No fountain drinks, things public disgust me.
But you, Lysanias, I thought fair, I thought fine.
No sooner said than Echo replies, "But not mine."
Kleon of Thessaly, you poor, poor thing!
By the dazzling sun, I didn't know you.
Where've you been, pathetic bag of hair and bones?
Have you caught my luck, been hit hard by heaven?
Now I get it. Euxitheos took off with you.
When you came here, you just ate him up with both eyes.
But half my soul still breathes, the other half
off with Love or Death, don't know, but it's gone.
With one of the boys again? I often said,
"Don't take him in, young men, that runaway."
Look for it at ... for someplace around there
that lovelorn condemned thing is hanging out.
Your hunter in the hills, Epikydes, tracks every hare
and the slot of every hind through frost and snow.
Show him a wounded beast, and he won't take it.

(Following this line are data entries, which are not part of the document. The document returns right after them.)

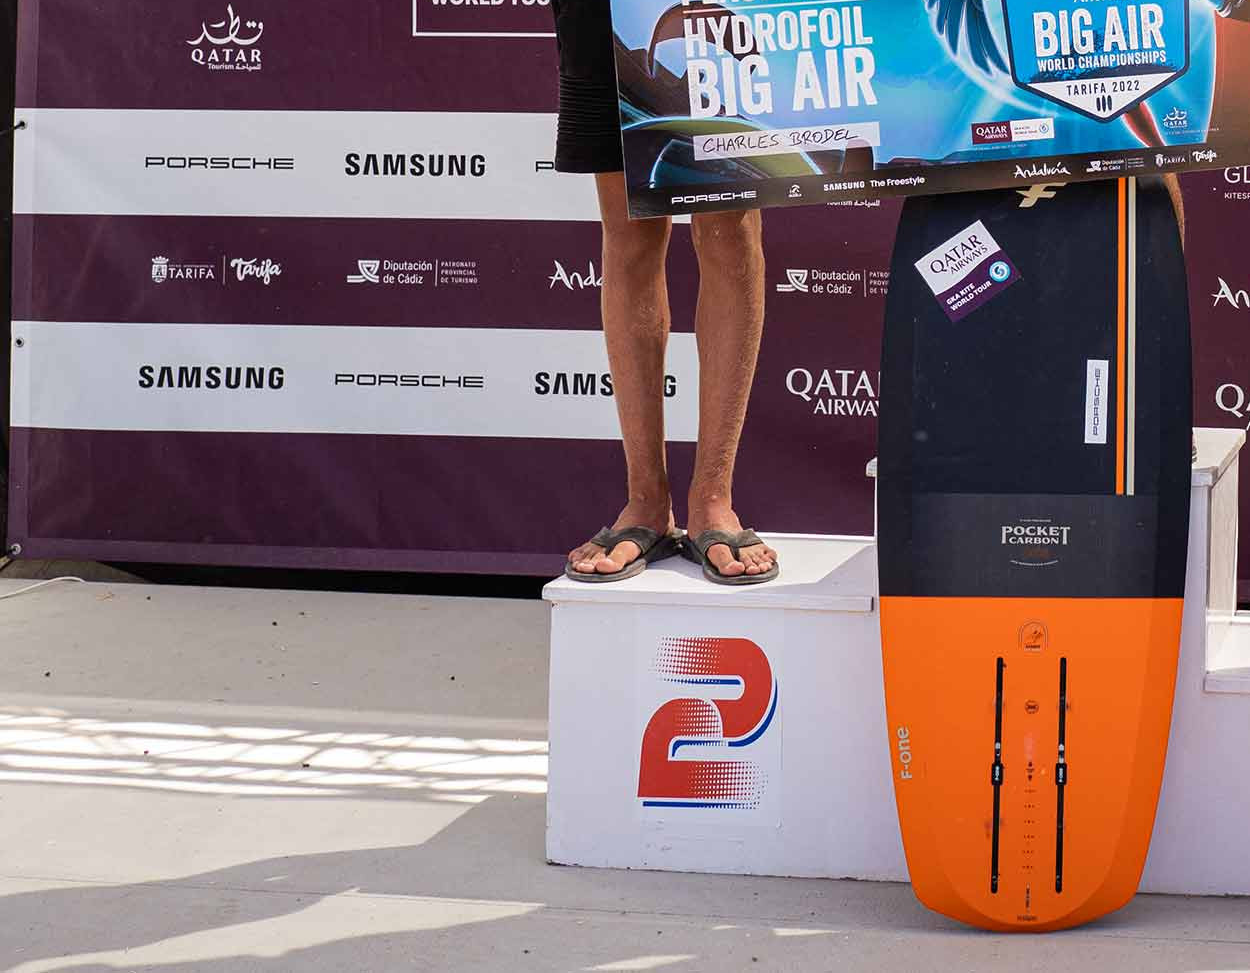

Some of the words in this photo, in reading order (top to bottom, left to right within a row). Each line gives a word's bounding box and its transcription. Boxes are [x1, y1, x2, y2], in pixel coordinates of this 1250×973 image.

[683, 6, 873, 58] HYDROFOIL
[1033, 9, 1094, 58] BIG
[1103, 3, 1166, 53] AIR
[191, 48, 262, 65] QATAR
[1038, 57, 1075, 72] WORLD
[1078, 50, 1166, 69] CHAMPIONSHIPS
[687, 54, 773, 119] BIG
[792, 47, 878, 111] AIR
[1066, 84, 1106, 96] TARIFA
[1113, 80, 1140, 92] 2022
[702, 134, 779, 152] CHARLES
[790, 128, 858, 147] BRODEL
[976, 125, 1007, 136] QATAR
[145, 156, 294, 170] PORSCHE
[345, 153, 486, 177] SAMSUNG
[1014, 162, 1071, 179] Andalucía
[672, 190, 757, 205] PORSCHE
[824, 181, 865, 191] SAMSUNG
[870, 179, 885, 187] The
[887, 177, 925, 186] Freestyle
[930, 234, 982, 273] QATAR
[950, 245, 988, 274] AIRWAYS
[169, 268, 214, 279] TARIFA
[230, 257, 282, 285] Tarifa
[383, 260, 433, 273] Diputación
[812, 270, 860, 281] Diputación
[383, 274, 395, 284] de
[397, 273, 423, 285] Cádiz
[812, 284, 823, 293] de
[827, 284, 852, 294] Cádiz
[946, 292, 961, 305] GKA
[960, 283, 975, 296] KITE
[950, 294, 974, 311] WORLD
[975, 280, 992, 295] TOUR
[138, 365, 285, 390] SAMSUNG
[335, 374, 484, 388] PORSCHE
[785, 368, 881, 400] QATA
[813, 398, 880, 417] AIRWA
[1093, 368, 1101, 435] PORSCHE
[1001, 526, 1070, 545] POCKET
[637, 636, 778, 810] 2
[897, 726, 912, 780] F-one

That's my way of loving: to pursue my quarry
as it runs away, and to fly right by
whatever lies in my path for the taking.
If I came to you in fun on purpose, Archinos, then a thousand apologies, but if I'm here strictly because I couldn't help myself, consider the urgency of it. Strong wine and Love compelled me. One pulled me while the other took away my sobriety. But when I came, I didn't howl about who I was or whose, but kissed the doorpost. If that's a sin, then I'm a sinner.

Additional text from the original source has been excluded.